1. Billie: LGBTQ+ Fairy Tales
Women’s body care brand Billie launched an Instagram campaign in honor of Pride Month that featured classic fairy tales that are rewritten to be body-positive, empower women, and center the LGBTQ+ community. For example, Rapunzel’s super long hair is armpit hair, and she’s not waiting for a prince “because she’s hella gay.” The seven dwarfs in Snow White are instead seven “genderfluid cuties” who become her chosen family, and Cinderella gets a “fairy drag-mother” instead of a fairy godmother.
Why it worked: Billie’s reimagined fairy tales tackle serious issues, but balance them with lighthearted, heartwarming humor and imagination to convey messages of inclusivity and empowerment. Plus, not only are all of the creatives Billie worked with on the illustrations part of the LGBTQ+ community, but the brand will further support the community by donating a portion of its June proceeds to The Trevor Project as well.
2. TUSHY: America’s Most Bottom-Friendly Bar
The bidet business has been booming since the Great Toilet Paper Scare of 2020™, and TUSHY has been right at the forefront. After growing 10x in the first week of the pandemic and reporting multiple million dollar days throughout 2020, the brand is giving some of last year’s profit back to one its largest customer demographics by holding a #TushyPride social media contest to crown America’s Most Bottom-Friendly Bar (which it appropriately defines as “any place where we as queer people can come together, celebrate our community, and drink vodka sodas along to a Beyonce megamix”). The winning bar will not only receive a custom trophy, but TUSHY will also promote the bar to its 105k+ social media followers and large email list. The bar will receive a $5,000 cash prize, sponsored party, and TUSHY bidets for all of its toilets.
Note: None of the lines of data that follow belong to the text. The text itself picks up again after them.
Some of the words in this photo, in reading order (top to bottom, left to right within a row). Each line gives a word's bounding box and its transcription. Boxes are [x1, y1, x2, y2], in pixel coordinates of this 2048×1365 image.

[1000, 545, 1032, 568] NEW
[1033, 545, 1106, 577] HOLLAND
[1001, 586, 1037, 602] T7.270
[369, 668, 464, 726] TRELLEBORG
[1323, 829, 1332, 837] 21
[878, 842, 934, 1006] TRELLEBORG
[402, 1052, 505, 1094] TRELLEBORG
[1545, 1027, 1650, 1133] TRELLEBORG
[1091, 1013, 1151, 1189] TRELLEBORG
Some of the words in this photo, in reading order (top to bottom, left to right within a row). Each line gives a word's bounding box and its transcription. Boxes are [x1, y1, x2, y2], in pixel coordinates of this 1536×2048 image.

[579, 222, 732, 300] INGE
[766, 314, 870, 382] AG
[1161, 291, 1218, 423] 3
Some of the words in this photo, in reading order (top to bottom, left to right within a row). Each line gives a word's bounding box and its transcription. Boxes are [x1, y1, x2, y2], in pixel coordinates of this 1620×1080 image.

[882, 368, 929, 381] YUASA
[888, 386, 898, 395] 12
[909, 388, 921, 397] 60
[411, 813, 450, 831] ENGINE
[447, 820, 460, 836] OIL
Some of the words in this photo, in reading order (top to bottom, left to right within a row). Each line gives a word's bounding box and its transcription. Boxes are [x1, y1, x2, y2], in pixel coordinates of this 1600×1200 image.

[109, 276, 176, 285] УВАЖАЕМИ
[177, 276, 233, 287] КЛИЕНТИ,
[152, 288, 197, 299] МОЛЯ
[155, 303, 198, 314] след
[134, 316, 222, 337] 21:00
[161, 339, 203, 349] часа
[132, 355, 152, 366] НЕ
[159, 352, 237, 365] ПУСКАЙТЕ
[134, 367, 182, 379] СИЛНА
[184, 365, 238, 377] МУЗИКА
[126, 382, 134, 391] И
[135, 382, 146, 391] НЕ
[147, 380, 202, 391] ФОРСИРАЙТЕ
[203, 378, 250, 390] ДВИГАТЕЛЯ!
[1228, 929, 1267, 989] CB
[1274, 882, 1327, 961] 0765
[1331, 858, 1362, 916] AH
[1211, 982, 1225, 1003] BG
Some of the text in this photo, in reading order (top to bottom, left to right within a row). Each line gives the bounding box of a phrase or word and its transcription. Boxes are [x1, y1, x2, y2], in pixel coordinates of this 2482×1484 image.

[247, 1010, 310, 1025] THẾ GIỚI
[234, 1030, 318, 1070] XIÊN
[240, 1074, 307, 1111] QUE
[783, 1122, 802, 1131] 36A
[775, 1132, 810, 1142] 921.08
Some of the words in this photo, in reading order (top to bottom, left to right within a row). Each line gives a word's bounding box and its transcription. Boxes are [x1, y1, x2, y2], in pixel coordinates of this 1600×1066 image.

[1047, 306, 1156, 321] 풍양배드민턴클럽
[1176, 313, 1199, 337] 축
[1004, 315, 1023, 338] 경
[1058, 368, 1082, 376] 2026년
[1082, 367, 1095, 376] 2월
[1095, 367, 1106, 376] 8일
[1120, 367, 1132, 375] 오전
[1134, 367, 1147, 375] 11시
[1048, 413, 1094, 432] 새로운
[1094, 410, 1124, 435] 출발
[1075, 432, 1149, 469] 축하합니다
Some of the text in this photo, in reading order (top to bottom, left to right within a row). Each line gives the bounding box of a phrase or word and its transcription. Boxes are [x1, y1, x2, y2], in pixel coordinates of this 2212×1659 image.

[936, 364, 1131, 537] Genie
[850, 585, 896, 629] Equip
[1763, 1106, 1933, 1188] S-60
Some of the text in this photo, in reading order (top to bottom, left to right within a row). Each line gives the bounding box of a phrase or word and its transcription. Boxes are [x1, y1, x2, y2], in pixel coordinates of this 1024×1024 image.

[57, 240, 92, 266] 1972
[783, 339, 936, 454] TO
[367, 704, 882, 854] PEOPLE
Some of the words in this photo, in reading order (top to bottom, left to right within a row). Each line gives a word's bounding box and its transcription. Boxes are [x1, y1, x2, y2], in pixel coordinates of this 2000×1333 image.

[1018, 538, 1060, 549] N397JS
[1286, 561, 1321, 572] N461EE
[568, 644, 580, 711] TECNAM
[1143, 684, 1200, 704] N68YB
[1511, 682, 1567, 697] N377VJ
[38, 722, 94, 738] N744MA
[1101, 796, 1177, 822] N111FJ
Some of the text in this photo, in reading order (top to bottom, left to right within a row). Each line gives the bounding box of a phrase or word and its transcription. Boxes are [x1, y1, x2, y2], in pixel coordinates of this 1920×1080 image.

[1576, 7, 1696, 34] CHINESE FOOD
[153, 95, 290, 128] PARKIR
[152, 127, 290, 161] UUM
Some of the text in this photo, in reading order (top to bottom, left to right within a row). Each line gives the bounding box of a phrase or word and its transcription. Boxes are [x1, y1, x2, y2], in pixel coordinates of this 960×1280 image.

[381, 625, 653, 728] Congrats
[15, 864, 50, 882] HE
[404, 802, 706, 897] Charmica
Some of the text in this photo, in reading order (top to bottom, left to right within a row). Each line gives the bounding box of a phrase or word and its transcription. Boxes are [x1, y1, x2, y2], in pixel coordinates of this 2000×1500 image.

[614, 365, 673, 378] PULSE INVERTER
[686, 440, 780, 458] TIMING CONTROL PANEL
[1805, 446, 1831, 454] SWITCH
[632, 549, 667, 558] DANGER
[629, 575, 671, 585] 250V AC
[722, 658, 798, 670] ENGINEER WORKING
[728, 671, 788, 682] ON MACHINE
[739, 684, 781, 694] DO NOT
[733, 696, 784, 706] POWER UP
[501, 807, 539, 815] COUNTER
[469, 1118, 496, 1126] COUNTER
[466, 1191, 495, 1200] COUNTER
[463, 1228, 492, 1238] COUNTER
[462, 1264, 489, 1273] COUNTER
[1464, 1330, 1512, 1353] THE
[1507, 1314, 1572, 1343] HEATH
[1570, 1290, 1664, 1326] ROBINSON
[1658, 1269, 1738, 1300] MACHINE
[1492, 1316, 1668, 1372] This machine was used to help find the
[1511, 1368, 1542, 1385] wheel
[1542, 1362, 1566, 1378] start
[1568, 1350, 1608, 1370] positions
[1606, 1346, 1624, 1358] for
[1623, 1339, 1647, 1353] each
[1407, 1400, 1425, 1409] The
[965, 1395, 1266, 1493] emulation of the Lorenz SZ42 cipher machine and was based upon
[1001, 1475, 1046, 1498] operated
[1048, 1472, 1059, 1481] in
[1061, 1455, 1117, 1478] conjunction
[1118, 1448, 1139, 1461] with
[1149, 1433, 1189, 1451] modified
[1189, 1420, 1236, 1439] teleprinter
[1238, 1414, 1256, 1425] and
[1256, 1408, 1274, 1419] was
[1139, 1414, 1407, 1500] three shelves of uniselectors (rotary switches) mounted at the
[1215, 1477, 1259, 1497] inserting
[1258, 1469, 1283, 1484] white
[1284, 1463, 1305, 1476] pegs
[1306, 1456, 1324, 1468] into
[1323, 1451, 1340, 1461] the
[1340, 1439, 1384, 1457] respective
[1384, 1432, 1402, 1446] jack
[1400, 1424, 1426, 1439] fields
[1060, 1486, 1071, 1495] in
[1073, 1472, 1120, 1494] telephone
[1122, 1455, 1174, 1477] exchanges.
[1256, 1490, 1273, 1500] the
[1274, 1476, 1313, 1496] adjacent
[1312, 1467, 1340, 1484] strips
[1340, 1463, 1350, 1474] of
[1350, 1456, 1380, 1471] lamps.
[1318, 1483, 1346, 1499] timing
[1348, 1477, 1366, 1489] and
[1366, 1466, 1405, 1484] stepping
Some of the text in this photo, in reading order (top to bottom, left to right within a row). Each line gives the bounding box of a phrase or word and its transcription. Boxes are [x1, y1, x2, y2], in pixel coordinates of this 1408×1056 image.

Why it worked: This campaign is the perfect example of one that combines customer insights, creativity, and philanthropy. TUSHY knows that the LGBTQ+ community makes up a large portion of its customer base, and also knows how hard the pandemic hit small restaurants and bars—so the brand found a way to give back by supporting and spotlighting queer-owned venues and businesses through social media.
3. Orbitz: Travel As You Are
Just in time for the reopening of the travel industry and everyone’s upcoming summer plans, Orbitz launched its “Travel As You Are” campaign. The campaign acknowledges that feeling safe and accepted is still the exception rather than the norm for LGBTQ+ travelers and encourages consumers to “travel on their own terms, not the ones society created for them.” On the campaign’s microsite, travelers can find queer-owned or LGBTQ-friendly hotels that have signed Orbitz’s pledge of inclusivity and plan their next vacation with queer travel guides, products, and advice. And on social media, the brand is supporting the campaign by sharing quotes and stories from its community about inclusive travel.
Why it worked: Orbitz has had a long-standing commitment to inclusive travel that dates all the way back to the early 2000s, so the campaign is undoubtedly in line with what the company genuinely believes. The campaign’s short film, titled “Travel As You Are,” was directed by LGBTQ+ photographer and director Cass Bird and also featured the musical anthem “You Don’t Own Me” by rising indie music artist serpentwithfeet, who has earned praise for his musical exploration of Black love and queer identity.